Donatella Davoli: Su questo punto aggiungerei che se queste donne, le prime ad arrivare “in alto”, hanno mostrato determinati comportamenti, lo hanno fatto perché l’ambiente premiava le caratteristiche più “muscolari” e perché sentivano di dover dimostrare di più. Vorrei anche aggiungere qualcosa rispetto al tema delle caratteristiche più emotive. Oggi è noto che sono sempre più importati. Tanti studi dimostrano che le emozioni sono essenziali nel prendere decisioni. Inoltre, in questo momento storico in cui si ragiona sul fatto che alcuni mestieri verranno sostituiti dalle macchine, dobbiamo essere consapevoli che questo accadrà soprattutto per le mansioni maggiormente legate alla razionalità, all’emisfero sinistro del cervello, come si dice.  Queste attività saranno trasformate in regole e insegnate alla macchina. Quelle che non potranno essere eseguite dalle macchine sono le attività legate all’intelligenza emotiva, all’emisfero destro, di cui le donne sono più dotate, anche per esperienza, non solo per genetica. Oggi, quindi, le donne si ritrovano a essere portatrici delle competenze ritenute più importanti. L’ultimo rapporto del World Economic Forum sul futuro del lavoro – che analizza anche dove le aziende sono più carenti – rivela che in tante organizzazioni manca l’intelligenza emotiva. Se oggi la si vuole portare dentro le aziende, si devono assumere più donne. E si deve fare in modo che diventi una competenza diffusa.

Resta il fatto che le donne sono ancora meno propense a scegliere studi tecnico-scientifici…

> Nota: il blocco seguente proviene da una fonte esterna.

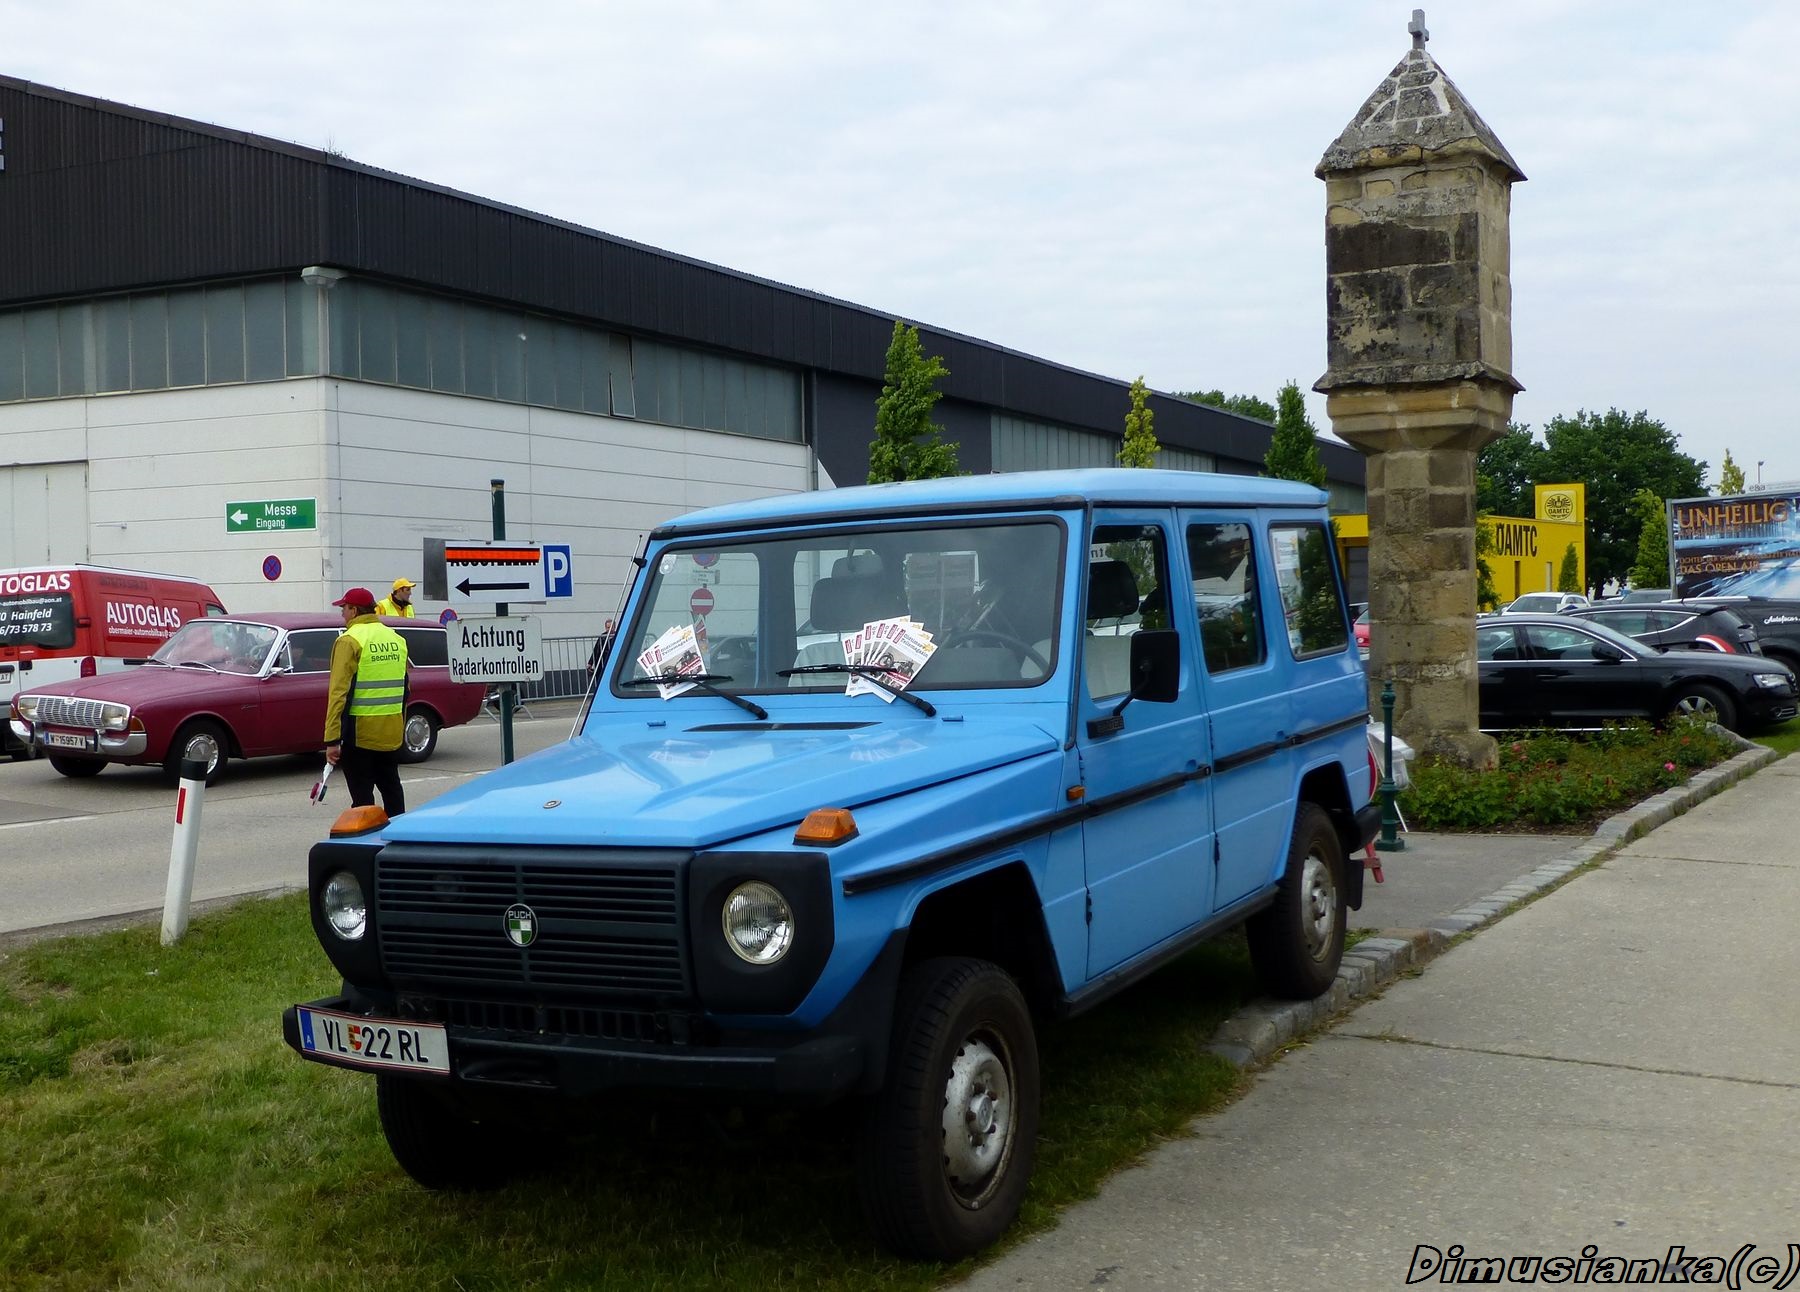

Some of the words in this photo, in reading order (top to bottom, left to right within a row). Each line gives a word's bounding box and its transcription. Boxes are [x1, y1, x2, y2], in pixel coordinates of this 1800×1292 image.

Selina Xerra: È vero. Ma, fermo restando che le donne possono fare ciò che vogliono, credo che siano caratterizzate da un approccio più olistico alle situazioni. Sono più portare a guardare alle relazioni tra le cose, piuttosto che ad entrare nello specifico di un aspetto. E anche questo è un dato forse naturale, che potrebbe spiegarsi con il fatto che nell’approccio generale alla vita alle donne è richiesto di occuparsi di più cose contemporaneamente. Ecco, mi preme però che le donne non si sentano forzate a fare cose contro natura solo per dimostrare qualcosa.

Donatella Davoli: Seguire i propri sogni e le proprie aspirazioni è importante per tutti. Su questo punto, però, vorrei anche dire che difficilmente ci si potrà appassionare a qualcosa che non si conosce. L’orientamento agli studi deve tenere conto di questo. Osservando report e dati si nota che c’è talmente tanto bisogno di persone in determinate aree, ad esempio quelle legate alla tecnologia e al digitale, ed è importante che le ragazze lo sappiano. Adesso si parla più spesso di settori Steam e non solo Stem; si aggiunge anche la “a” di Art all’acronimo che sta per Science, Technology, Engineering and Mathematics. Esistono linguaggi che dobbiamo imparare tutti, come quello digitale, ma ribadiamo anche che l’approccio alle discipline scientifiche va fatto usando il filtro della creatività. Bisogna riportare quelle competenze all’interno delle discipline scientifiche. Noi abbiamo assunto tante donne, laureate in ingegneria, e sono fenomenali, perché sommano alla capacità analitico-razionale le caratteristiche di cui parlava Selina, quella di comprendere i contesti e analizzare i problemi con sensibilità. Ricordiamoci che ci sarà sempre più bisogno di quello che viene chiamato umanesimo digitale, perché davvero la digitalizzazione e la robotizzazione del lavoro richiedono di saper usare certi strumenti, ma dovremo saper comprendere la complessità: la creatività, l’arte e la poesia ci aiuteranno a decifrare un mondo sempre più complesso.